Disconcerted, Diwedi searched for the right thing to say. “You’ll just have to take it in turns,” he eventually advised. At the other end of the line there was a derisive laugh and then a click. His employee had hung up. The head of Bhopal’s power station had no idea that he had just saved four men’s lives. Next day when the military gathered up the dozens of corpses sprawled around the grounds of the substation, they would be surprised to discover four workers inside, still breathing.
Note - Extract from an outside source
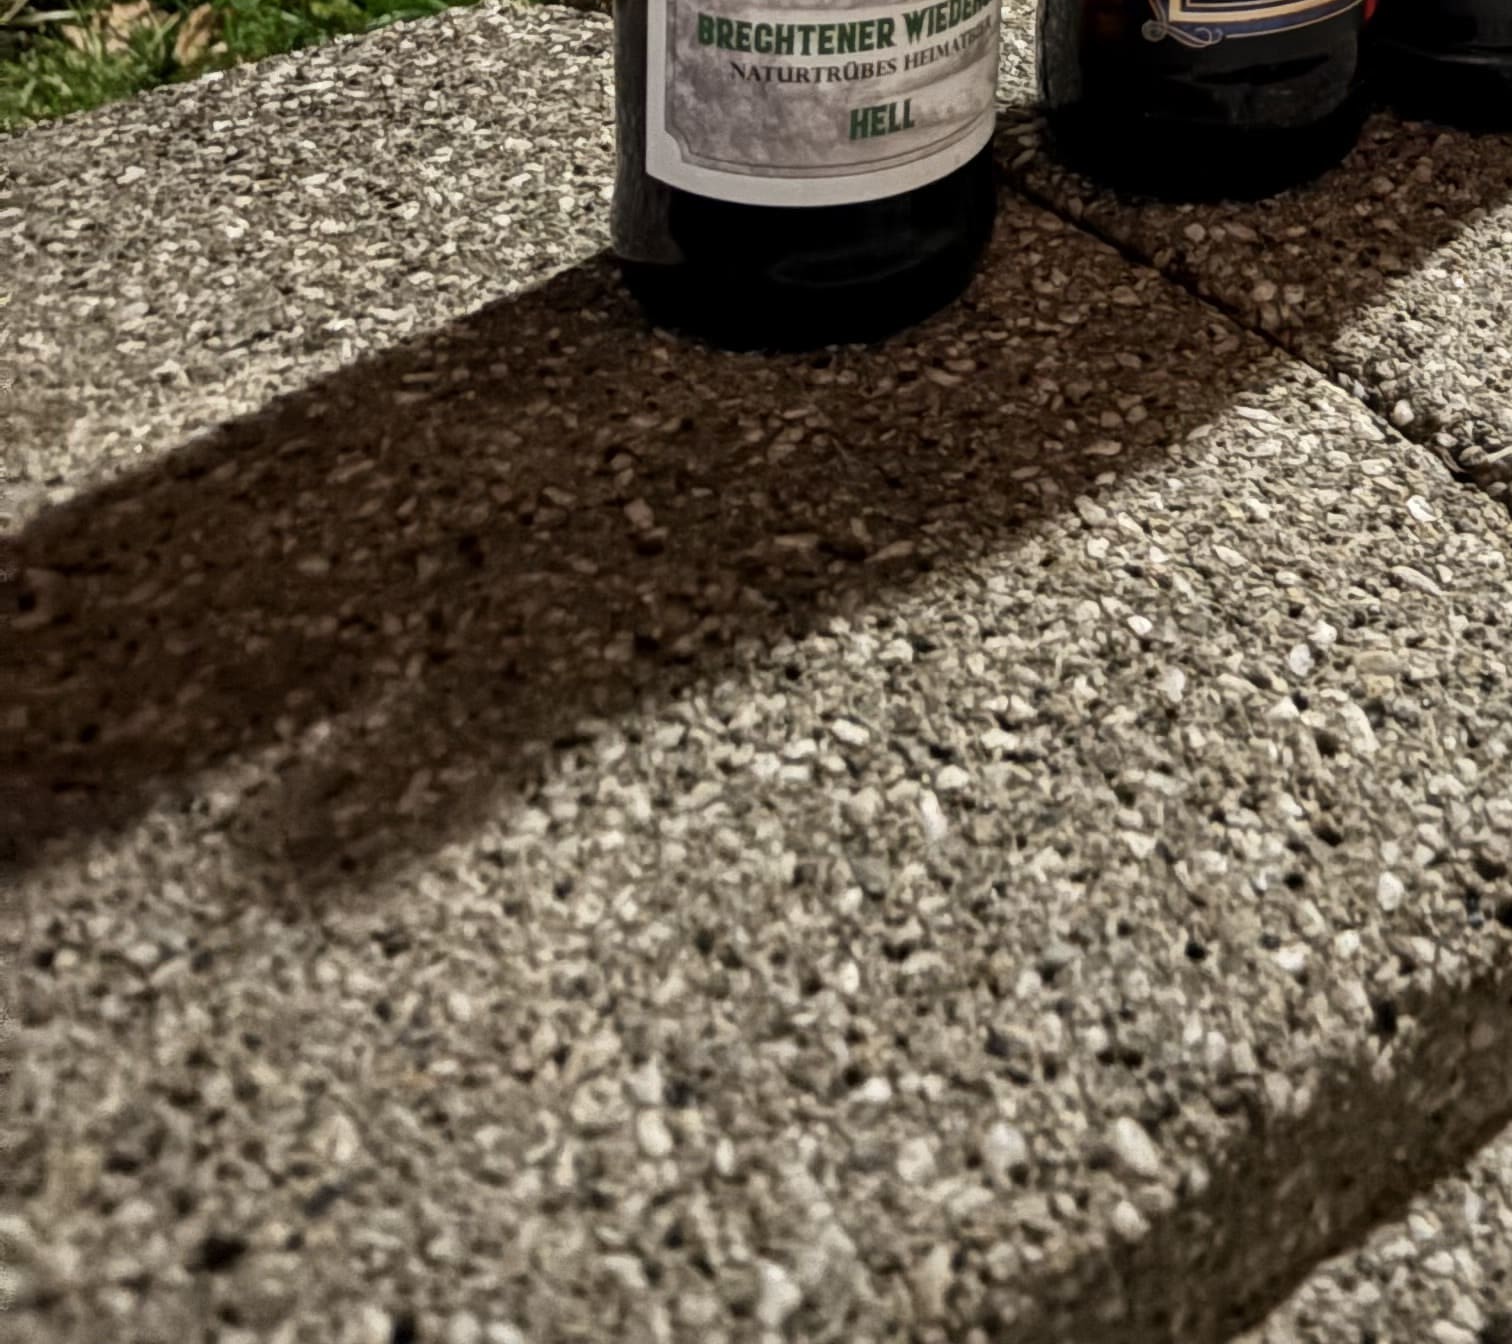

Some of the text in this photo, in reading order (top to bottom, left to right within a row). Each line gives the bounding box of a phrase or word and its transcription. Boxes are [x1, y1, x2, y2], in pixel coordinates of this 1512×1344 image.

[697, 11, 897, 57] BRECHTENER
[730, 56, 898, 84] NATURTRÜBES
[849, 98, 916, 142] HELL
“Bachao! Bachao!” Coughing, spitting, suffocating and with burning eyes, Rinu and her fiancé found themselves trapped in a nightmare, along with all those who had come to celebrate with them. They were scrambling about in all directions, desperate for something to drink, fleeing toward the railway station, seeking refuge in the local houses. Realizing that the panic-stricken crowd must be evacuated before the cloud killed everybody, Diwedi overcame the bout of coughing that was setting his throat on fire and ran to the garages to requisition the trucks that belonged to the shamiana rental and the caterer. But the garages were empty. Even his car had disappeared. At the first cries of “Bachao!” the cooks, servants, the men who put up the tents, the electricians and musicians had all jumped in the vehicles and driven off. The four men in charge of the generator set had decamped on their scooters. The indomitable little man decided then to go on foot to his home, seven or eight hundred yards away, where he would at least find his old Willis Jeep. On his way back he was intercepted by a frenzied crowd. People stormed his old jalopy, throwing themselves onto the seats, hood and bumpers. There were twenty, thirty, fifty of them, struggling with the last vestiges of their strength to climb on-board. These were the survivors from the Kali Grounds’ neighborhoods. They were weeping, pleading, threatening. Many of them, exhausted by this final effort, collapsed unconscious. Others coughed up the last blood from their lungs and keeled over. Just then, a truck roared like a rocket through the crowd of dying people. Diwedi heard skulls cracking against the fenders. The driver left a pulp of crushed bodies in his wake before disappearing. A moment later, through vapor-burned eyes, Diwedi could see a woman throwing her baby over the guard rail of the bridge on the railway line, before jumping into the void herself. “I realized then that something awful was going on,” Sharda Diwedi would say, “something beyond all comprehension.”

The Rev. Timothy Wankhede had spent Sunday afternoon preaching to hospital patients on the epistle of St. Paul, imploring the mercy of the Lord upon his children, who in the pursuit of riches had “fallen into temptation and a snare, and into many hurtful and foolish lusts, which drown men in destruction and perdition.” The young priest and his wife Sobha had just been woken with a start by the cries of Anuradh, their ten-month-old son. The toxic vapors had entered the modest red-brick vicarage they occupied in the Railway Colony, next door to the Holy Redeemer’s Church. In a few seconds they too were overtaken by the same symptoms of gas inhalation. They struggled to understand what was going on.